WESTEMPOREN

Spätgotische Westemporen in Österreich

1100 Seiten, 1600 Abbildungen,  Format: 24 x 17, Hardcover

Erscheinungstermin Feb. 2015, Verlag Berger

 Die Westempore ist integraler Bestandteil spätgotischer Sakralbauten und darf als weltlicher Gegenpol zum östlich situierten und geheiligtem Raum des Chors gedeutet werden. Mit Westempore und Chor wird eben jene Polarität evident, die in Form kaiserlicher Macht einerseits und den Ansprüchen päpstlicher Instanzen andererseits, die politische und kulturelle Geschichte des Abendlandes geprägt hat.

Bauform und Dekor von Westemporen, stellen daher kulturhistorische Zeugnisse dar, die nicht nur ein Licht auf Herkunft, Wandel und Entwicklung dieser besonderen und von der Bauforschung lange vernachlässigten Baueinheit christlicher Kirchenbaukunst werfen, sie sind auch als Abbild gesellschaftlicher und religiöser Umwälzungen zu verstehen, die insbesondere den Ausklang des Mittelalters im 15. und den Beginn des 16. Jahrhunderts begleitet haben.
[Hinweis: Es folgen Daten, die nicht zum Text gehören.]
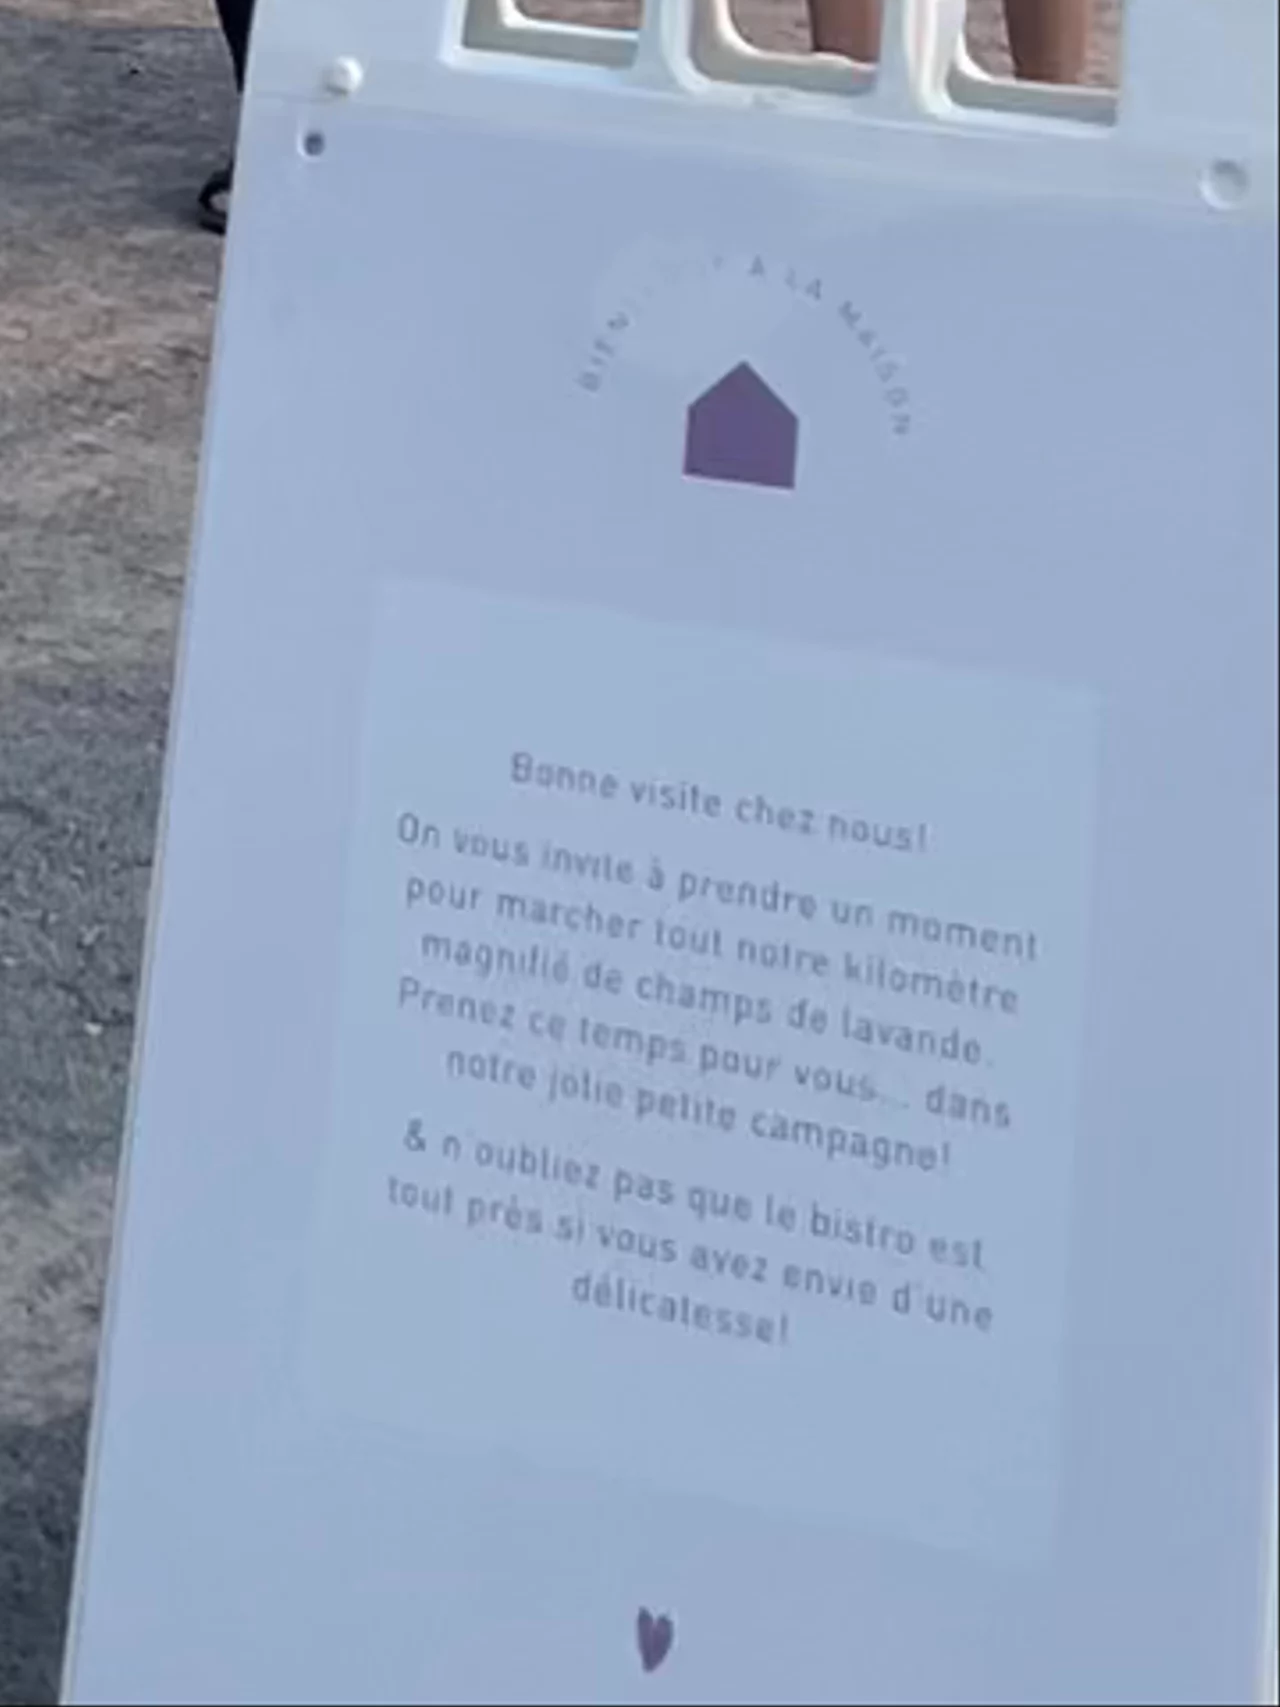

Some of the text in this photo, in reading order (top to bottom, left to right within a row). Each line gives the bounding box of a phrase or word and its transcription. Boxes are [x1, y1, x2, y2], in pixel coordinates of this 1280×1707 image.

[510, 751, 929, 854] Bonne visite chez nous!
[396, 811, 441, 849] On
[453, 826, 531, 868] vous
[541, 839, 635, 885] invite
[677, 869, 818, 921] prendre
[830, 897, 874, 929] un
[887, 908, 1038, 962] moment
[405, 875, 482, 912] pour
[495, 892, 643, 940] marcher
[655, 917, 724, 959] tout
[737, 936, 830, 977] notre
[396, 975, 516, 1030] Prenez
[527, 1009, 567, 1045] ce
[579, 1015, 687, 1066] temps
[699, 1042, 782, 1080] pour
[925, 1084, 1011, 1129] dans
[582, 958, 624, 995] de
[635, 970, 773, 1026] champs
[786, 997, 829, 1035] de
[445, 1050, 952, 1172] notre jolie petite campagne!
[387, 1175, 454, 1216] tout
[554, 1212, 585, 1242] si
[596, 1223, 678, 1263] vous
[690, 1244, 769, 1284] avez
[783, 1262, 878, 1305] envie
[402, 1117, 427, 1152] &
[613, 1169, 676, 1205] pas
[686, 1185, 753, 1224] que
[765, 1194, 797, 1231] le
[809, 1200, 915, 1256] bistro
[929, 1234, 984, 1270] est
Eine umfassende fotografische Dokumentation und detaillierte Beschreibungen von mehr als 100 Objekten des österreichischen Raums, die durch zahlreiche Skizzen (Grundrisse, Querschnitte, Profile) ergänzt werden, sollen die Aufmerksamkeit auf eine Kulturepoche lenken, die mit österreichischer Kunst- und Kulturgeschichte eng verknüpft ist. Jeder dieser Kirchen, bzw. deren Westemporen, ist ein eigenes Kapitel im Umfang von 5 bis 10 Seiten gewidmet. Die Forschungsarbeit erstreckte sich über einen Zeitraum von 8 Jahren und erforderte auch einen entsprechenden Reiseaufwand, weil jedes der behandelten Objekte mindestens zweimal in Augenschein genommen werden musste.